They may just look like green blobs, but these computer-generated shapes confirm the existence of an enormous unseen reef system, hidden in the waters behind the Great Barrier Reef.
The extent of the life form was discovered using state-of-the-art 3D LIDAR equipment, which scanned the length of the Great Barrier Reef area to reveal thousands of square miles of ancient reef structures. ‘It was amazing – completely unexpected,’ says Mardi McNeil, marine geoscientist at the Queensland University of Technology. ‘I re-did the calculation several times to make sure it was right.’
Although parts of the structure had been documented by marine scientists in the 1970s and 1980s, it was McNeil’s research team that discovered it was 6,000 square kilometres in total. Three times the initial estimations. ‘The more we looked, the more vast it became,’ she says. ‘It was exciting to realise that we were the first scientists to see the bioherm seafloor in its true extent, and study the implications of its size and complexity.’
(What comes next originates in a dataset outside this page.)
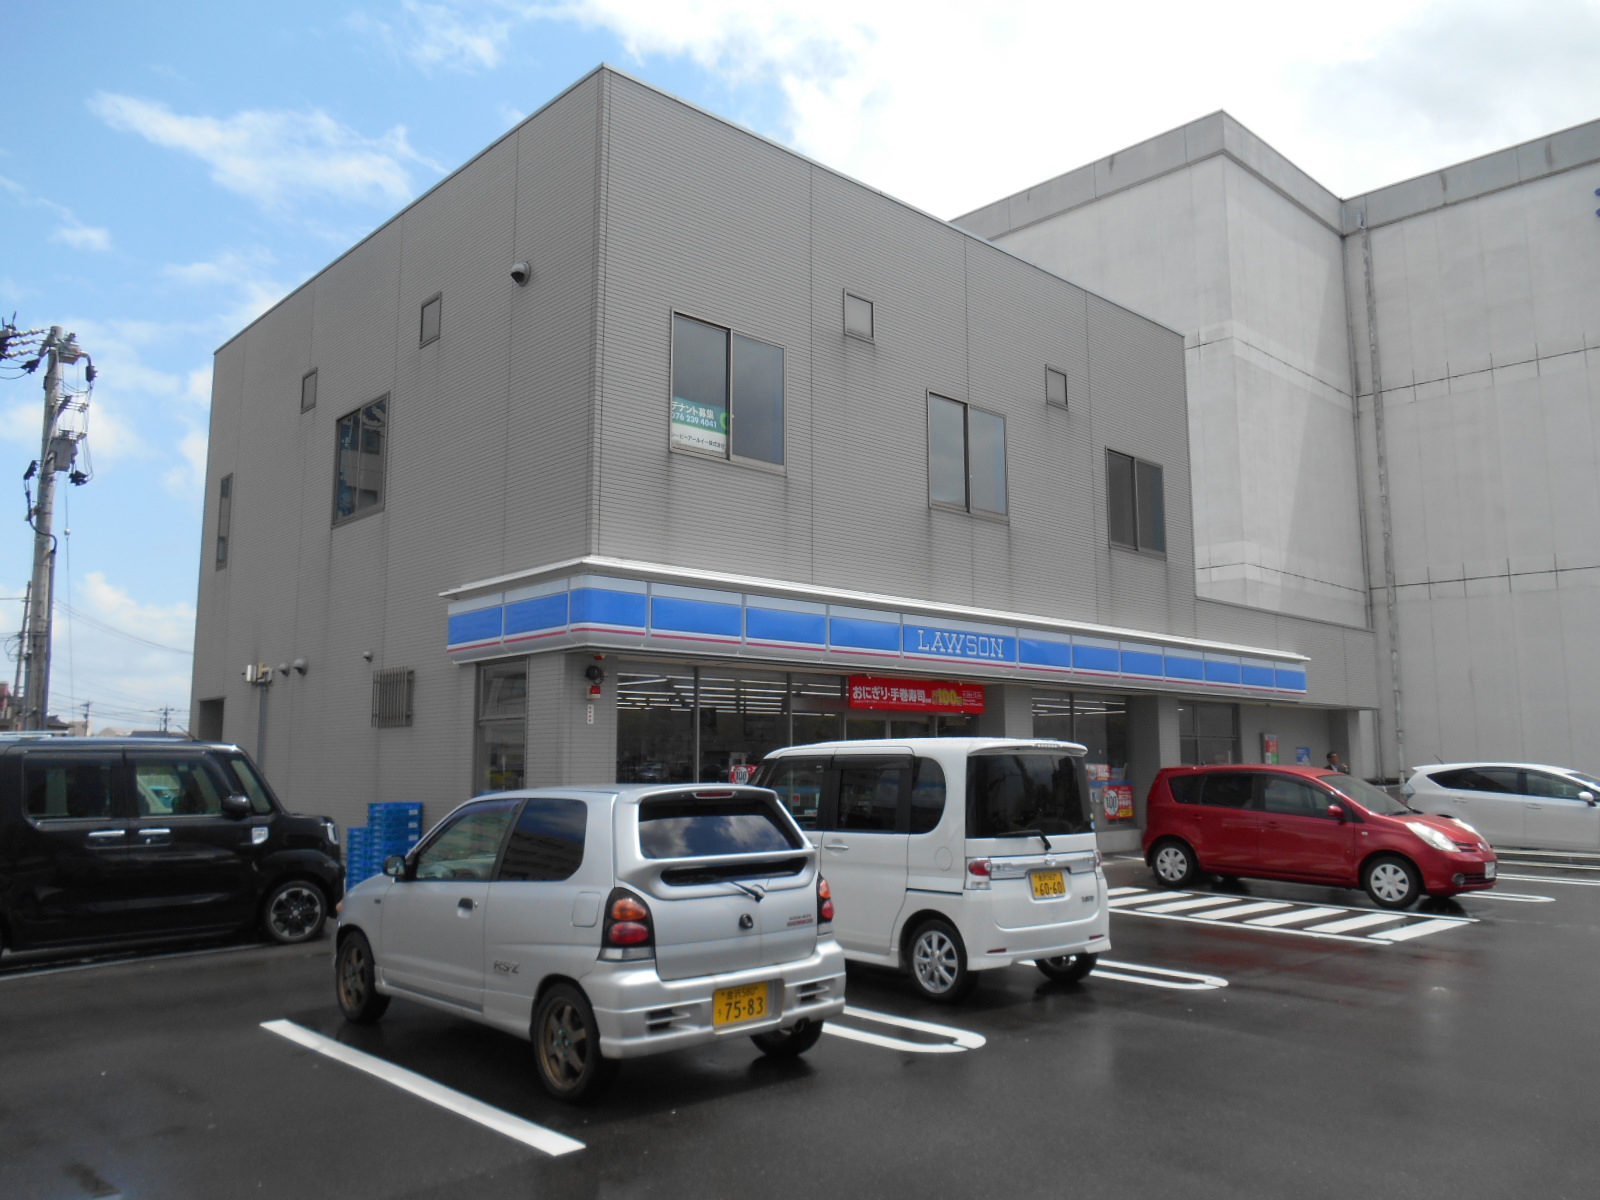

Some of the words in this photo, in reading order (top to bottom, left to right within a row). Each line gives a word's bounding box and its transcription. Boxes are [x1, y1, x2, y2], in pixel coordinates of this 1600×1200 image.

It was when the scans were rendered to higher resolutions that the donut shapes, or bioherms, began to appear. These holes, some ten metres deep and 300 metres across, were formed by a comparatively small species of algae that builds up sediment in layers over time. ‘The bioherms near the Great Barrier Reef are made by a living layer of the humble algae Halimeda, which produces the same limestone mineral as corals,’ explains McNeil. ‘They have some similarities with true reefs, though lack the solid rigidity.’
The discovery comes at a crucial time for the Great Barrier Reef, which in the last year has rode out mass bleaching events and continues to endure the long-term pressures of ocean acidification and pollution. Nonetheless, McNeil hopes that the bioherm structures will unlock secrets about the history of the true reef up top. ‘They may have much to tell us about the Great Barrier Reef’s early formation, at the end of the last ice age, just before the continental shelf was flooded by rising sea levels,’ she says. ‘It could show the change in oceanic waters, sea temperatures, and upwelling of nutrient rich waters into what is now the present day Great Barrier Reef lagoon.’
McNeil hopes the find will spur scientists to re-evaluate how much carbon is locked up between the two enormous life forms. Meanwhile, the bioherms’ fossil records could indicate how reef systems have responded to drastic environmental change in the past, hinting at the Great Barrier Reef’s precarious future.